It’s all about remaining peaceful when a storm is about to kickoff. Having said that, the effects of global socio-political turbulences are unsurprisingly being absorbed not only by vociferous warriors and audacious screamers, but also by lone wolfs, engaging artists and deep thinkers, ready to take over the world in a more nuanced, considered manner. The revolution is overrated, so let’s repeat the title of this year’s Berlin Biennale: “We don’t need another hero”, whoever he or she might be.
Responding to an interviewer’s question, curator Yvette Mutumba states, “I don’t think that «We Don’t Need Another Hero» is meant negatively in the sense that «all of you heroes are annoying.» Instead, I think it’s meant positively: that we can achieve a lot together as a group, that we can be understood on a micro level, as a group of curators. But it can also be about other people who identify with how we speak and how we approach things. It’s the «we» of the artists. The «we» can be both a small and a large group.”[1]
Yet the 10th Berlin Biennale appears to be full of rebellious challenges between artists. Taking into account this essential internal contradiction, where the repugnance for leaders creates a fertile foundation for even more prominent leading characters, it is worth mentioning the importance of time.
Standing humbly at the forefront of the curatorial team, Nomaduma Rosa Masilela, Serubiri Moses, Thiago de Paula, Yvette Mutumba, and Gabi Ngcobo argue: “We hoped for an exhibition that releases itself slowly and has an impact over the period of time”.[2] In other words, the programme was not meant to hit you straight away. In fact, it’s lukewarm, as noticed by numerous reviewers. Mind that no one said it was supposed to be sizzling.

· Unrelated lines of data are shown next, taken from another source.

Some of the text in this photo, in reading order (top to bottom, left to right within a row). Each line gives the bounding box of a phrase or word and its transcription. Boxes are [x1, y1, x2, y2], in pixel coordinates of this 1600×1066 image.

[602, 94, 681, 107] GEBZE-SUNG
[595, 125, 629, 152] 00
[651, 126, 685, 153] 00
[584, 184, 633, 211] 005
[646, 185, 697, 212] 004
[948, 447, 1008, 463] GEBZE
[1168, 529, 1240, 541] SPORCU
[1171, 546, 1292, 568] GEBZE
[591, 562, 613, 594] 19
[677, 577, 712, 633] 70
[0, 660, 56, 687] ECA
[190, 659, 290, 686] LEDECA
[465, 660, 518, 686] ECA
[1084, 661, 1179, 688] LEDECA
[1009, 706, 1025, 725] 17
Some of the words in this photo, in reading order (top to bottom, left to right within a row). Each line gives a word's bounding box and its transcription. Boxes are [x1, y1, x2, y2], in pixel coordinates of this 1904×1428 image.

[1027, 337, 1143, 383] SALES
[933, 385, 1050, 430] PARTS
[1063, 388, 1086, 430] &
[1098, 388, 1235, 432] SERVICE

Beginning with one of the most obvious messages, Tony Cokes presents his straightforward, monochromatic videos with texts in the basement of the Zentrum Fur Kunst Und Urbanistik. The word holds power. The dingy cellar space, dotted with TV screens displaying Cokes’ works created between 1988-2016, resembles an underground party. Videos pulsating with colour are accompanied by vivid pop and techno music. The essence of the artist’s activity circulates around the importance of media in shaping realities and its use within emancipatory struggles, where its deconstruction is crucial. There is an alarming amount of revolutionary, stimulating phrases in his videos, such as one of the opening phrases, ‘It has gone too far’.

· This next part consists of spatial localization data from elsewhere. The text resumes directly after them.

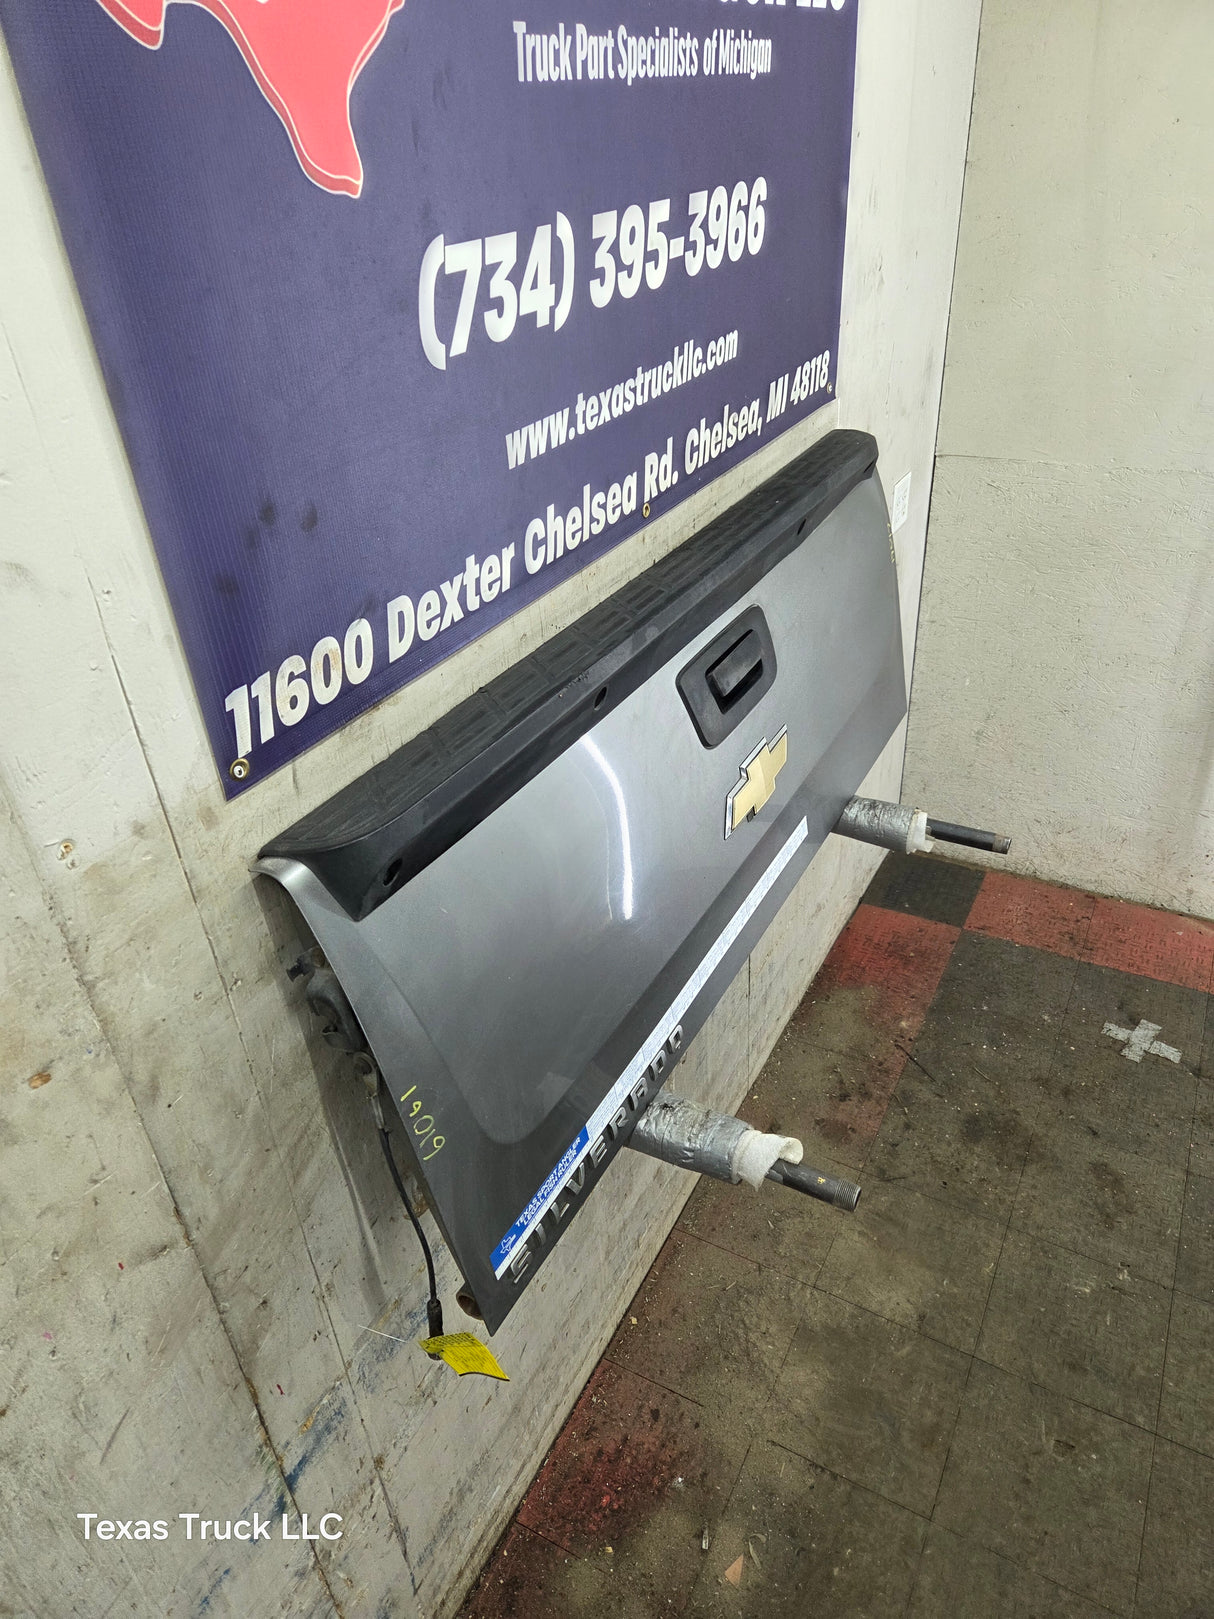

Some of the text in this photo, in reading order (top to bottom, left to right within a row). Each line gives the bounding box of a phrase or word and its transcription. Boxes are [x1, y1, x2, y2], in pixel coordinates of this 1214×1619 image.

[513, 21, 772, 86] Truck Part Specialists of Michigan
[418, 176, 768, 371] (734) 395-3966
[505, 329, 739, 470] www.texastruckllc.com
[224, 349, 831, 759] 11600 Dexter Chelsea Rd. Chelsea, MI 48118
[400, 1085, 446, 1161] 19019
[510, 1024, 683, 1284] SILVERADO
[514, 1135, 581, 1229] TEXAS SPORT ANGLER

At the same time, the media is being similarly ridiculed – or taken into deepen consideration – in the work of Heba Y. Amin displayed upstairs in ZKU. In “Anti-Control Room”, part of her larger project “Operation Sunken Sea” (2018), the Egyptian artist proposes the idea of joining all the continents together by erasing the oceans between them. The idea is beneficial for humankind: Europeans will be less frightened of immigrants (this concept is about to disappear, since everyone will live together on the same continent called Atlantropa), Africa won’t have a hard time in exploiting resources from Europe, the distribution of goods will be facilitated, and money will no longer serve for war or terrorism. Instead, it will financially nurture the above-said project. For the Berlin exhibition, the artist made her official video appearance on screen among other megalomaniacal historical world dictators. What is slightly disturbing is the inexpressible realism of her performance. The line between what is real and what is not is insanely blurred nowadays, and that should make us extremely cautious about the media – this seems to be the main message the artist carries in her work.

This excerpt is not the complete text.